Last Will and Testament – A legal document executed by a principal (referred to as a testator) that names an executor to distribute their estate after they die. Beneficiaries are named in the Will so that the executor knows who will get what. A Will also covers provisions regarding taxes, debts, and guardianship for the testator’s children. After the testator’s death, the Will must be reviewed by members of probate court to ensure its validity and authenticity.

  • Signing Requirements (§ 31-3.3) – A Will is only valid if signed by the principal and at least two (2) witnesses.

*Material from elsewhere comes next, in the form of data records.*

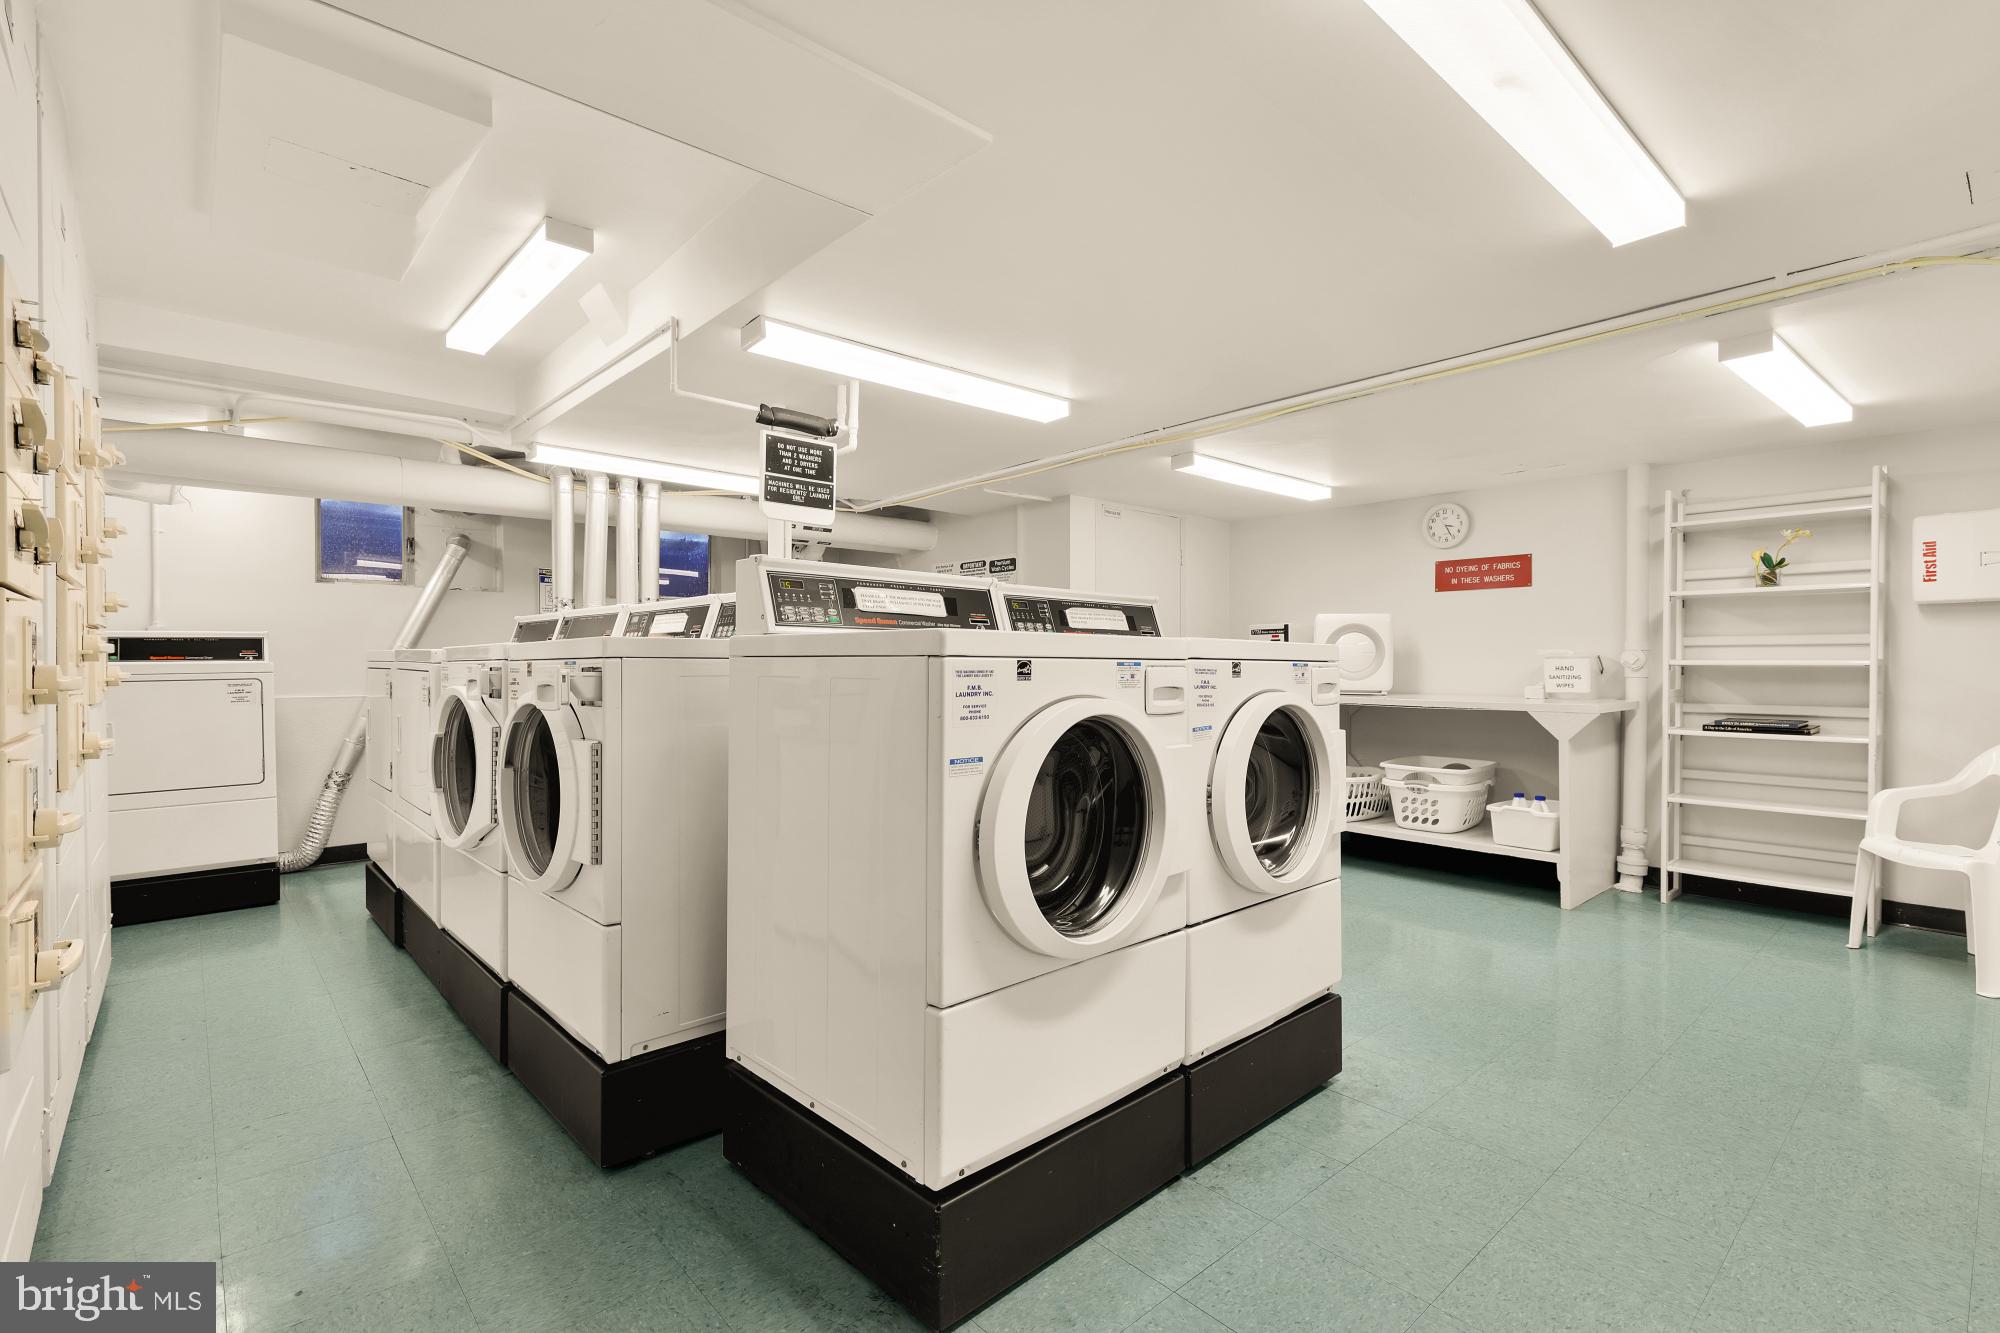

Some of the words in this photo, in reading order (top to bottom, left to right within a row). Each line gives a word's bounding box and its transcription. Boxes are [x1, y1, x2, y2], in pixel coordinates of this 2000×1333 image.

[799, 454, 822, 462] WASHERS
[800, 460, 818, 468] DRYERS
[768, 480, 794, 488] MACHINES
[1922, 541, 1937, 557] Aid
[1456, 565, 1479, 573] DYEING
[1493, 562, 1520, 570] FABRICS
[1922, 559, 1937, 582] First
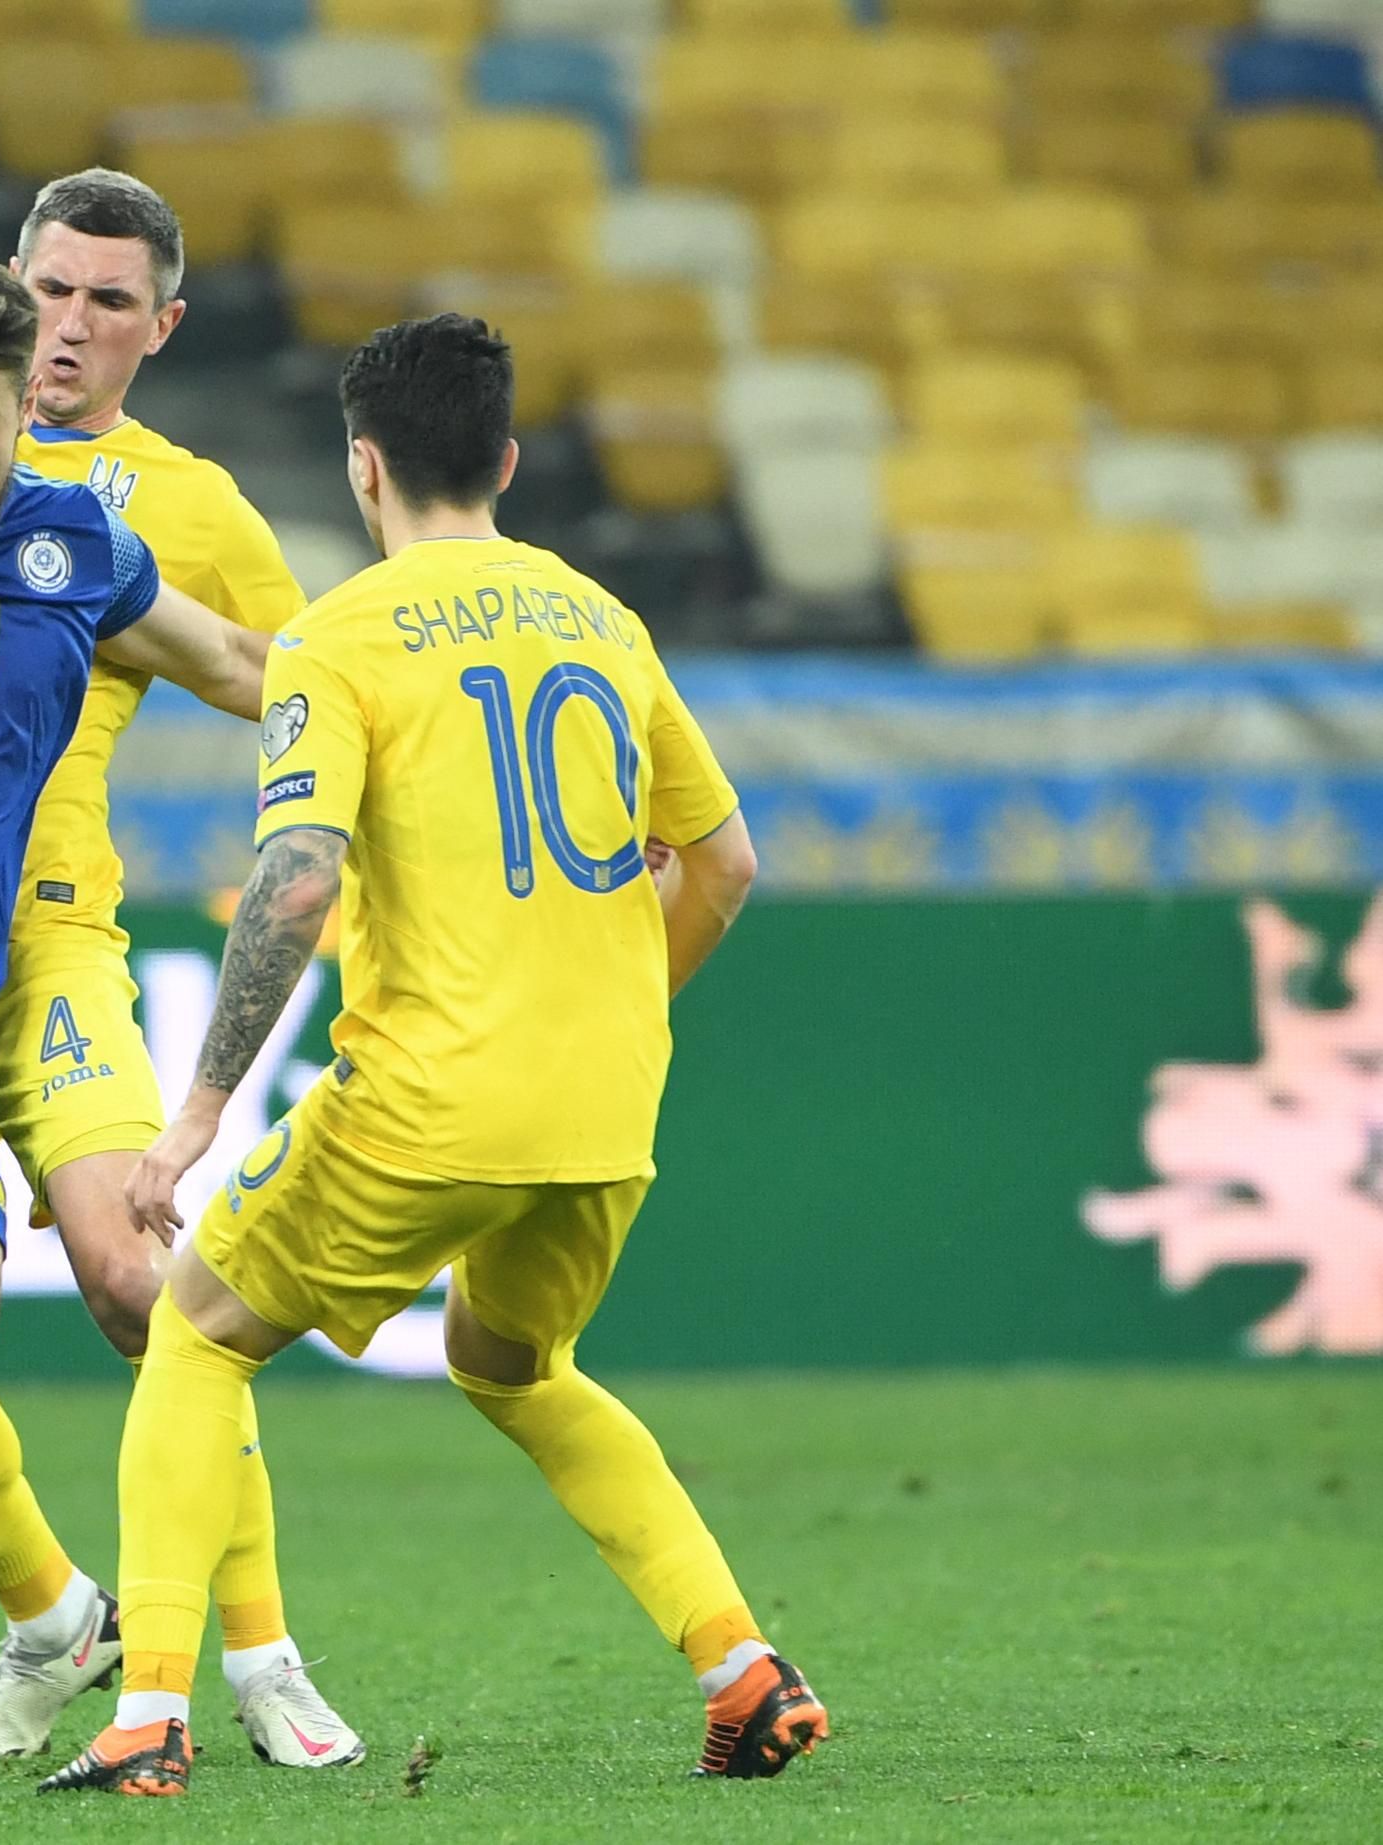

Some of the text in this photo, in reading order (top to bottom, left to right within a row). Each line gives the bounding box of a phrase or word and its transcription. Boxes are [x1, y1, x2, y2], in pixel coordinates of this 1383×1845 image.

Revocable Living Trust – Once a Revocable Living Trust document is executed by a principal, it becomes a legal entity into which assets can be placed. Once the assets are placed into the Trust, the Trust takes over ownership of said assets. This provides some protection for the principal’s estate, allowing them to benefit from the assets during their lifetime but also provide instructions for distribution after they die. A trustee is named to manage the Trust (usually the grantor) and a successor trustee will take over after the grantor dies (if grantor is trustee). Beneficiaries are included in the Trust document in a similar fashion as a Will; however, they do not have to wait for probate court to confirm the legitimacy of the document. A Revocable Living Trust does not go through probate nor is it filed as public record.

  • Signing Requirements – Not statutorily mentioned; a Trust document is considered valid if the grantor, trustee, and successor trustee inscribe their signatures. However, it is recommended that the document be acknowledged by a notary public.

Step 6 – Store Documents

All estate planning documents should be kept in a safe, fireproof and waterproof place, preferably with a lock for extra security. A principal’s spouse, attorney, agent, or other trusted representative should have copies of the documents or should be privy to the location of the original copies. Safety deposit boxes should be avoided due to the fact that a court order may be required to open them after the principal dies.